Il presidente della Fondazione AIOM si sofferma anche sul dibattito legislativo in corso: “La nostra società scientifica ha più volte sottolineato l’importanza che il disegno di legge sulla morte medicalmente assistita non escluda il Servizio Sanitario Nazionale, l’unico in grado di garantire percorsi integrati, comprese cure palliative e supporto psicologico. È fondamentale rispettare la dignità e i diritti dei pazienti oncologici, evitando decisioni unilaterali e condividendo le scelte in un’alleanza terapeutica.”
Tra le criticità più evidenti, rimane la mobilità sanitaria per la chirurgia del tumore alla mammella. Nel 2023, sono stati eseguiti 66.351 interventi, di cui 5.223 fuori regione. La mobilità nazionale si mantiene stabile all’8%, ma nel Sud presenta valori tripli rispetto al Centro-Nord. “L’analisi degli indici di fuga,” spiega Massimo Di Maio, presidente AIOM, “mostra come, al Sud, la mobilità passiva sia tre volte più elevata.
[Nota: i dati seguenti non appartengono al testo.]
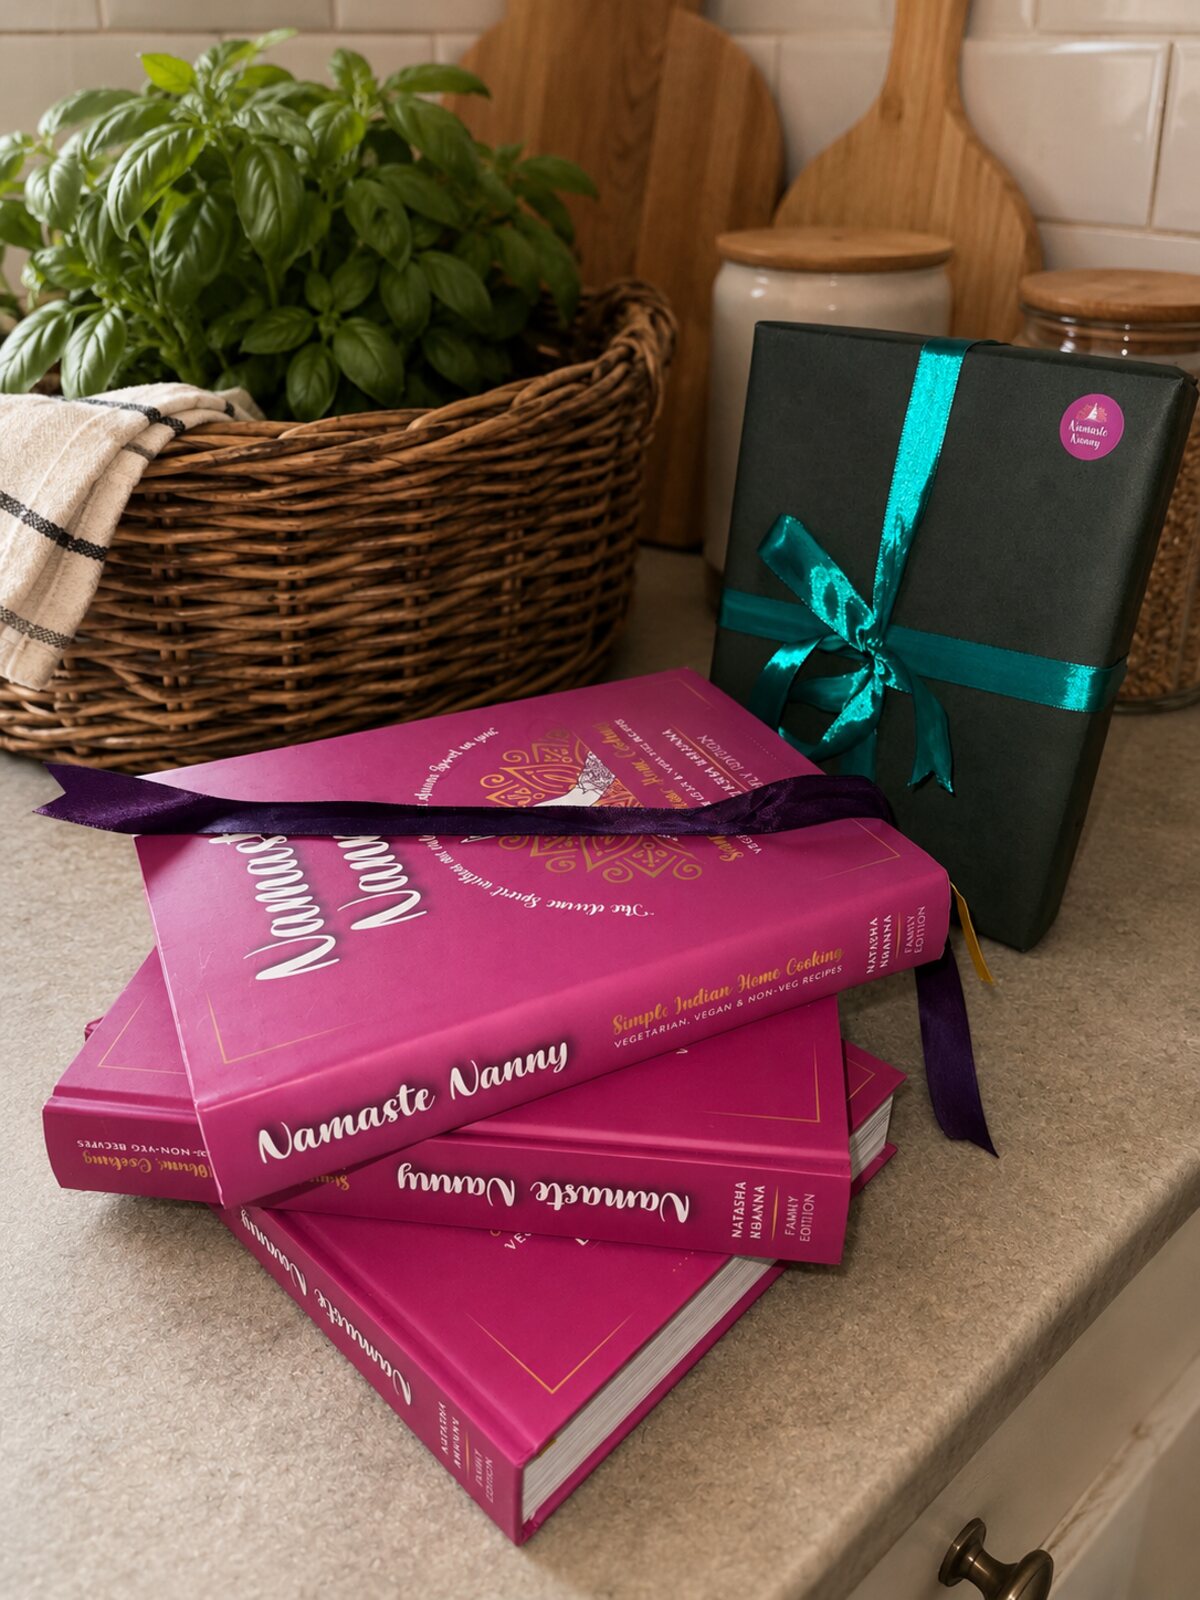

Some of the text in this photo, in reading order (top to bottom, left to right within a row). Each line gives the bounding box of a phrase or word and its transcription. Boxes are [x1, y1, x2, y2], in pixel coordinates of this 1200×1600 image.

[208, 833, 341, 981] Namast
[333, 834, 428, 931] Nan
[612, 948, 844, 1036] Simple Indian Home Cooking
[694, 1002, 733, 1021] VEGAN
[736, 999, 744, 1009] &
[748, 981, 799, 1004] NON-VEG
[802, 964, 844, 985] RECIPES
[258, 1042, 568, 1164] Namaste Nanny
[398, 1162, 515, 1207] Nanny
[530, 1181, 690, 1224] Namaste
[731, 1181, 746, 1239] NATASHA
Lombardia, Friuli Venezia Giulia e Lazio presentano i livelli più bassi, rispettivamente intorno all’1,5%, 2,5% e 4%. Al contrario, Calabria, Basilicata e Molise superano quasi il 50% di interventi fuori Regione.”
In conclusione, il rapporto 2025 conferma un’Italia che progredisce. I miglioramenti in termini di sopravvivenza, nella prevenzione e nella riduzione della mortalità sono risultati significativi, ma sono ancora contraddistinti da disuguaglianze territoriali, fragilità socioeconomiche e carenze strutturali. Occorrerà tradurre questi successi in un modello di assistenza equo e omogeneo, garantendo a tutti le stesse opportunità di diagnosi, cura e qualità di vita.